Former Teaneck Mayor Paul Ostrow recently visited that shul with Falvey to present a program on public safety and health for a group of 25 senior citizens. (Ostrow called it “a very animated and stimulating 90 minutes.”)

“He and I developed a strong friendship during my time on the [Teaneck] Council,” said Ostrow. At the Beth Sholom program, Ostrow — community outreach coordinator for Holy Name Hospital and a former president of the Teaneck Volunteer Ambulance Corps — represented Holy Name and Falvey represented the police department.

“Mike has a tremendous sense of humor,” Ostrow said, “and great insight. He is highly intelligent, articulate, and one of the most caring and compassionate officers TPD has produced.”

When Falvey became community policing commander in 2008, he recalled last month, he made it his mission to reach out to the Jewish community.

“I tried to meet every rabbi of every shul in town,” he said, adding that he also read synagogue bulletins. “I gave them all my cell phone number and told them to call anytime they wanted.”
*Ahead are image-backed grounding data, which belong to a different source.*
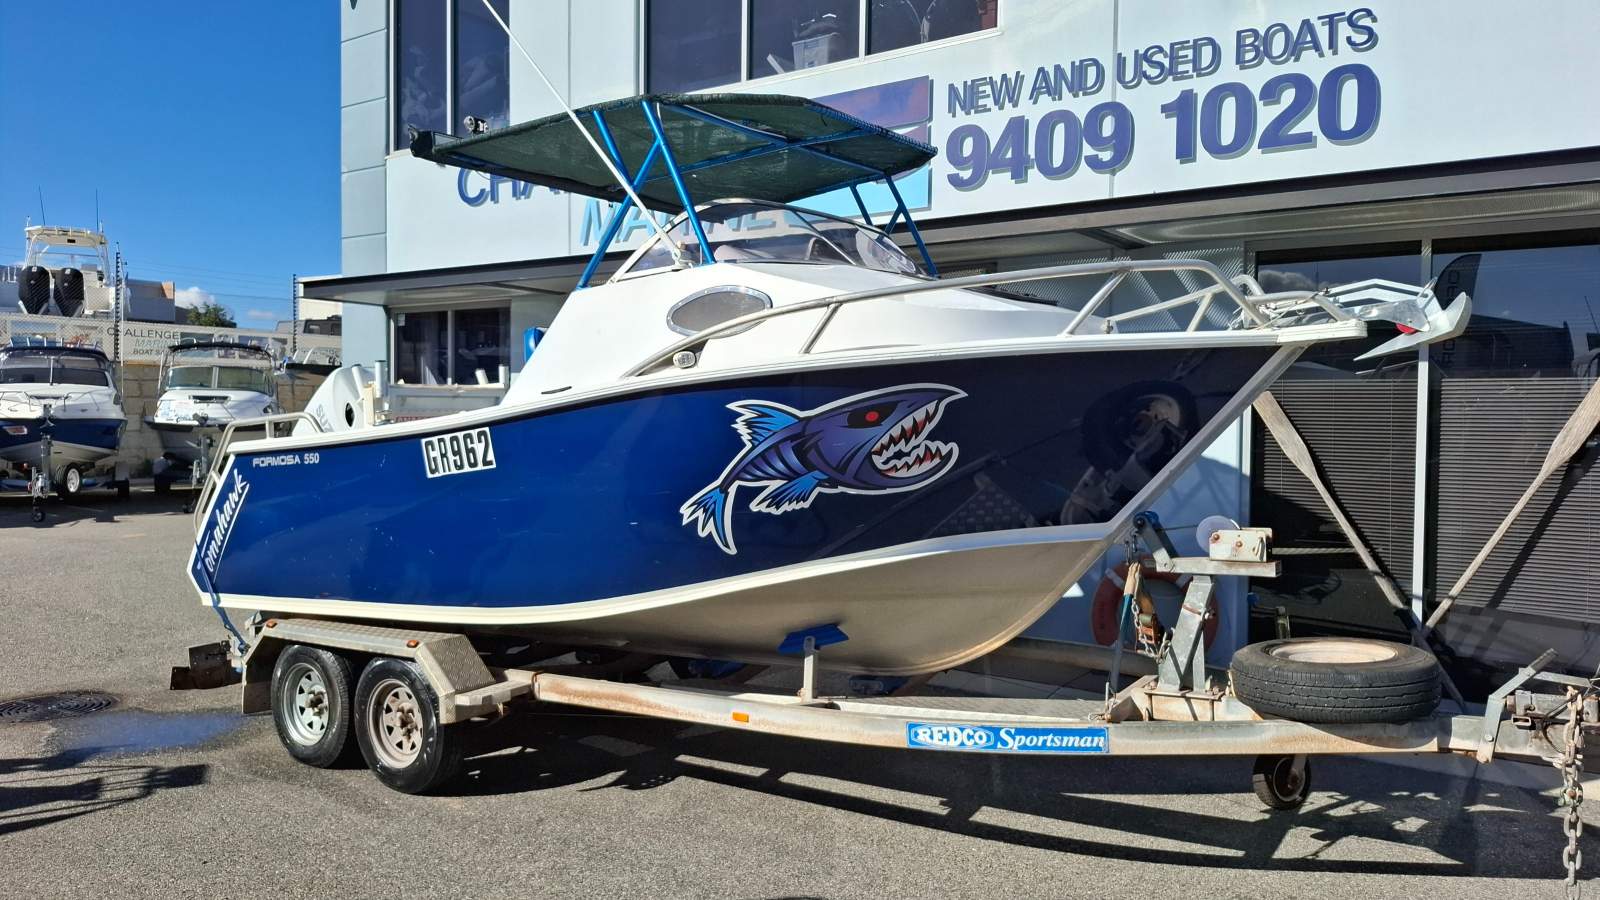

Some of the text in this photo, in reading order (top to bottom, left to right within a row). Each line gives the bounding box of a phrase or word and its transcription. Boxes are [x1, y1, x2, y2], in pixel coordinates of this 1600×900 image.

[947, 7, 1378, 118] NEW AND USED BOATS
[945, 63, 1382, 192] 9409 1020
[107, 326, 180, 340] CALLENGE
[252, 452, 320, 468] FORMOSA 550
[425, 430, 493, 475] GR962
[996, 727, 1105, 751] Sportsman
The rabbis did call, letting him know, for example, when problematic events at a synagogue required extra security. Falvey also helped organize an annual tashlich ceremony, during which part of West Englewood Avenue was closed, so that Teaneck Jews could perform the ritual, walking in crowds to the Hackensack River.
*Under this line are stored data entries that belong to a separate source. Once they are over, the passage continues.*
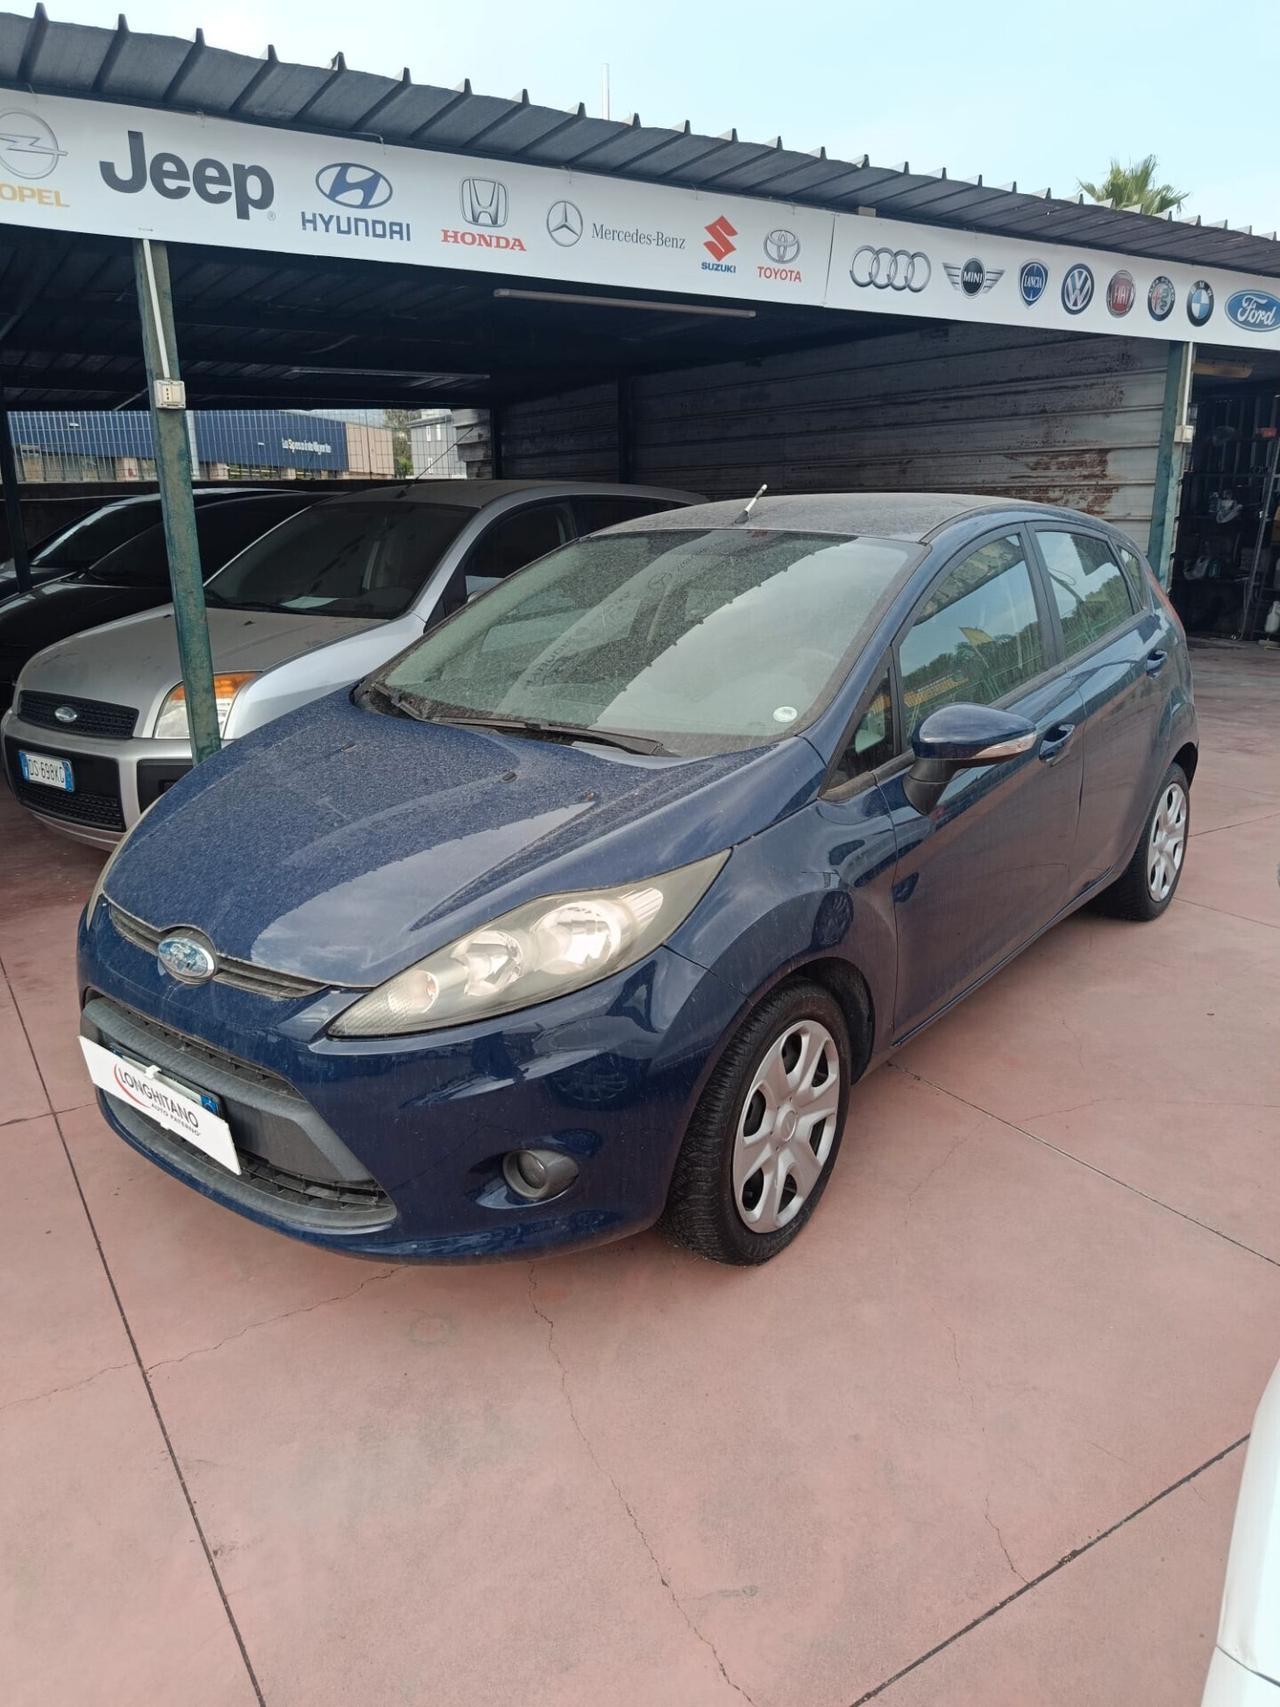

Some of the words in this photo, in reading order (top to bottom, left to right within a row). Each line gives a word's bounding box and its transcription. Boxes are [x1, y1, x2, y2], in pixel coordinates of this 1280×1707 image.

[99, 130, 275, 221] Jeep
[0, 183, 70, 208] OPEL
[300, 211, 412, 242] HYUNDAI
[592, 223, 686, 250] Mercedes-Benz
[441, 229, 527, 251] HONDA
[701, 262, 737, 273] SUZUKI
[757, 266, 803, 282] TOYOTA
[963, 271, 983, 283] MINI
[1236, 295, 1277, 326] Ford
[118, 1067, 199, 1128] LONGHITANO
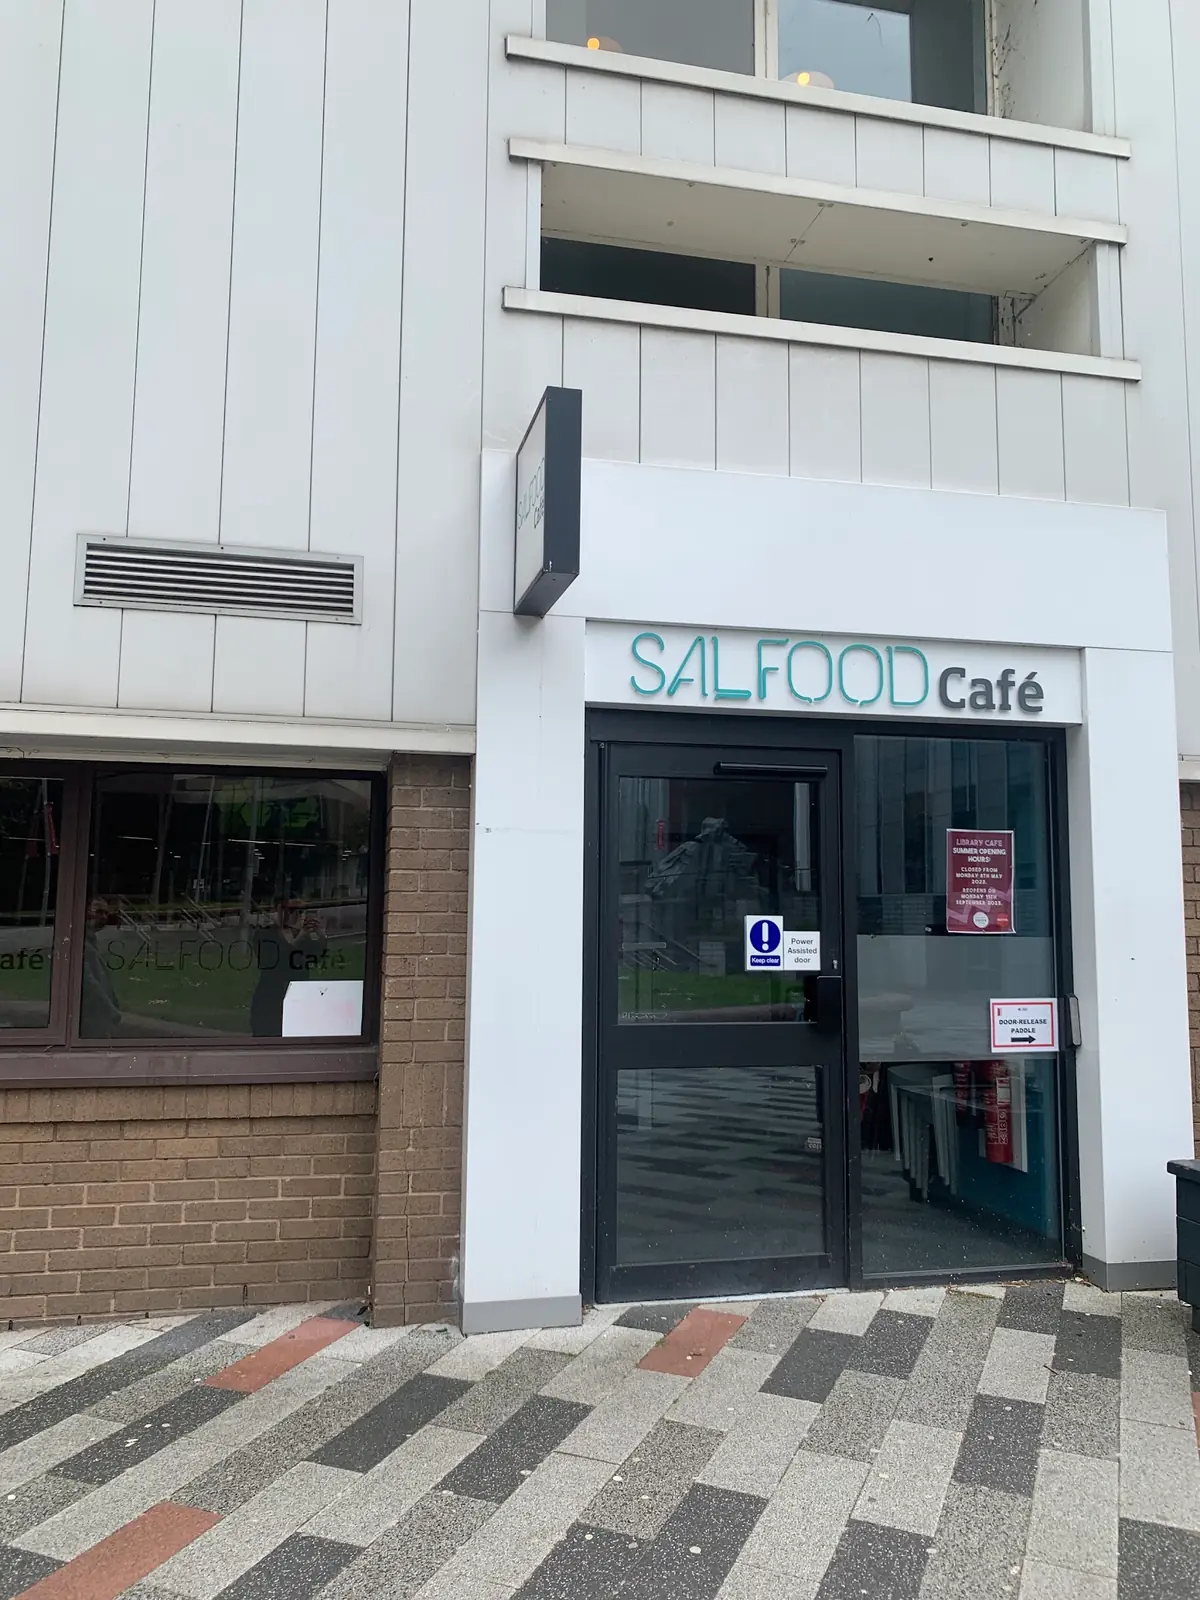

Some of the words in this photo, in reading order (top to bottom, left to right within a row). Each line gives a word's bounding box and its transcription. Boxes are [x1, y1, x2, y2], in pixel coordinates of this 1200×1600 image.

[631, 632, 929, 707] SALFOOD
[938, 667, 1044, 712] Café
[953, 847, 979, 855] SUMMER
[956, 838, 983, 846] LIBRARY
[0, 947, 44, 970] afé
[106, 940, 280, 971] SALFOOD
[289, 948, 346, 971] Café
While the Jewish community is the largest ethnic group in Teaneck, said Falvey, the Community Policing Bureau works with other minority communities as well, including African Americans, Koreans, and Muslims, particularly Pakistanis.

At present there are no “real problems” in intercommunity relations, he said. He noted, however, that the need “rises and falls,” often depending on international events.

“It can get acrimonious, so we work hard and solicit input” through daily phone calls and e-mails, he said. “That’s the way to do it.”

Falvey said that with the dissolution of the bureau, the town will “have to figure out a different approach to solving problems.” He pointed out that, given budget cuts, programs including DARE (Drug Abuse Resistance Education) and GREAT (Gang Resistance Education and Training), formerly offered in the public schools, will also be discontinued.

Reflecting on his achievements during the past quarter-century, Falvey said that while the Community Policing Department is most proud of reconnecting with the citizens of Teaneck, “my greatest personal accomplishment is the reconnection with the Jewish community. We now have eyes and ears in the community that we never had before. They tell us about problems we were never aware of.”

He said he will especially miss TeaneckShuls, a listserv he reads every day, and the friends he’s made in the Jewish community, who “embraced me the most.”

Jacqueline Kates, a former mayor of the township who is community relations coordinator at Holy Name Hospital, has known Falvey since 1996, when she was first elected to the Teaneck Council.

“As a resident of Teaneck as well as a former mayor, I owe a tremendous debt of gratitude to Lt. Michael Falvey for his many years of service to our community,” she said. “From the inception of the Teaneck Community Policing Bureau — which brought Teaneck and the Teaneck Police Department beyond mistrust, tragedy, and turmoil to be recognized and lauded as a model community policing department throughout New Jersey and the nation — Michael Falvey has been its heart.”

Kates said she “deeply regrets” that Teaneck is losing both Falvey and the bureau.

“Several weeks ago, I heard Manny Landau, president of the Teaneck Jewish Community Council, comment that he never had to remember which community policing officer was assigned to his neighborhood because he could always turn to Mike Falvey.

“Mike was always ready to assist in resolving neighborhood disputes or to impart essential safety and security information at community-wide meetings, neighborhood groups, or houses of worship,” Kates said. “He even recently went to the Project Ezra dinner because he really admired the work of the organization.”

Said Kates, “Mike Falvey will be remembered in Teaneck because of his continuing efforts to ensure that every Teaneck resident, of every neighborhood and background, could feel confidence and trust in the Teaneck Police Department. He will be remembered because he is truly a mensch.”

Lois Goldrich contributed to this report.